By Jerome J. Platt. 458 pp. Cambridge, Mass., Harvard University Press, 1997. $49.95. ISBN 0-674-13632-2

Over a century ago, the active ingredient in the coca leaf was purified, and the first cases of cocaine dependence were described in North America and Western Europe. Overlooked for many years, cocaine resurfaced as a public health problem in the 1980s. Today, among the major addictions, cocaine dependence remains the most elusive. Alcohol, opiates, and nicotine all produce characteristic withdrawal syndromes, which respond to treatment with pharmacologic agonists or sympatholytic agents. For cocaine, the withdrawal syndrome is more evanescent, and its treatment implications remain unclear. For alcohol, opiate, and nicotine dependence, a growing list of medications is available to help induce remission or prevent relapse, including the aversive agent disulfiram, the long-acting opiate agonist methadone, the long-acting opiate antagonist naltrexone, and nicotine-replacement therapies with patch and gum delivery systems. Recent advances include naltrexone for alcoholism, the long-acting agonist levomethadyl acetate hydrochloride for opiate dependence, and the antidepressant bupropion for smoking cessation.

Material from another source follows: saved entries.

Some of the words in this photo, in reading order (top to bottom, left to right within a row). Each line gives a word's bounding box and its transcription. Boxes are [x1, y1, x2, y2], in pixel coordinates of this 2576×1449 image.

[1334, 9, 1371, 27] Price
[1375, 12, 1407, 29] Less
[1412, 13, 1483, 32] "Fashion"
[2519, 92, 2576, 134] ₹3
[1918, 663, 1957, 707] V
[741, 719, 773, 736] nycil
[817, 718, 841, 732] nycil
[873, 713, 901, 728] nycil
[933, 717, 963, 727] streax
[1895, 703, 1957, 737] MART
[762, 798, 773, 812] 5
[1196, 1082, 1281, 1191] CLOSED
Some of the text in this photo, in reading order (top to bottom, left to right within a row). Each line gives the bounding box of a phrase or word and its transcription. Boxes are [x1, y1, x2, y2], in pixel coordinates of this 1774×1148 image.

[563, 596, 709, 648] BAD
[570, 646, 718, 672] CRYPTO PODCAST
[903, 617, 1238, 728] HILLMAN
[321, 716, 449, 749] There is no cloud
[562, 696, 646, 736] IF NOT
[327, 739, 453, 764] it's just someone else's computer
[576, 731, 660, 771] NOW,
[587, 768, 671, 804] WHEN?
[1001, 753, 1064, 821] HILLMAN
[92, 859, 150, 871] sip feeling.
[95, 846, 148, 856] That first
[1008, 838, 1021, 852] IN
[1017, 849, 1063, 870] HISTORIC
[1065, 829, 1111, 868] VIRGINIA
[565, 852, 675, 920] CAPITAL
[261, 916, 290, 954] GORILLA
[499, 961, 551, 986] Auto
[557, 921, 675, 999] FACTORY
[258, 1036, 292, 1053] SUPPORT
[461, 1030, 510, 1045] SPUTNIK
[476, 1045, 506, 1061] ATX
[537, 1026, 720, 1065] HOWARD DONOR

Cocaine has yet to yield to agonist, antagonist, or antidepressant strategies, although intensive work is ongoing, and there have been hints. Several psychotherapeutic and behavioral strategies have shown promise. This progress and the development of effective medications for the other addictions reinforce the importance of the research effort in this area and inspire confidence that it will continue to bear fruit.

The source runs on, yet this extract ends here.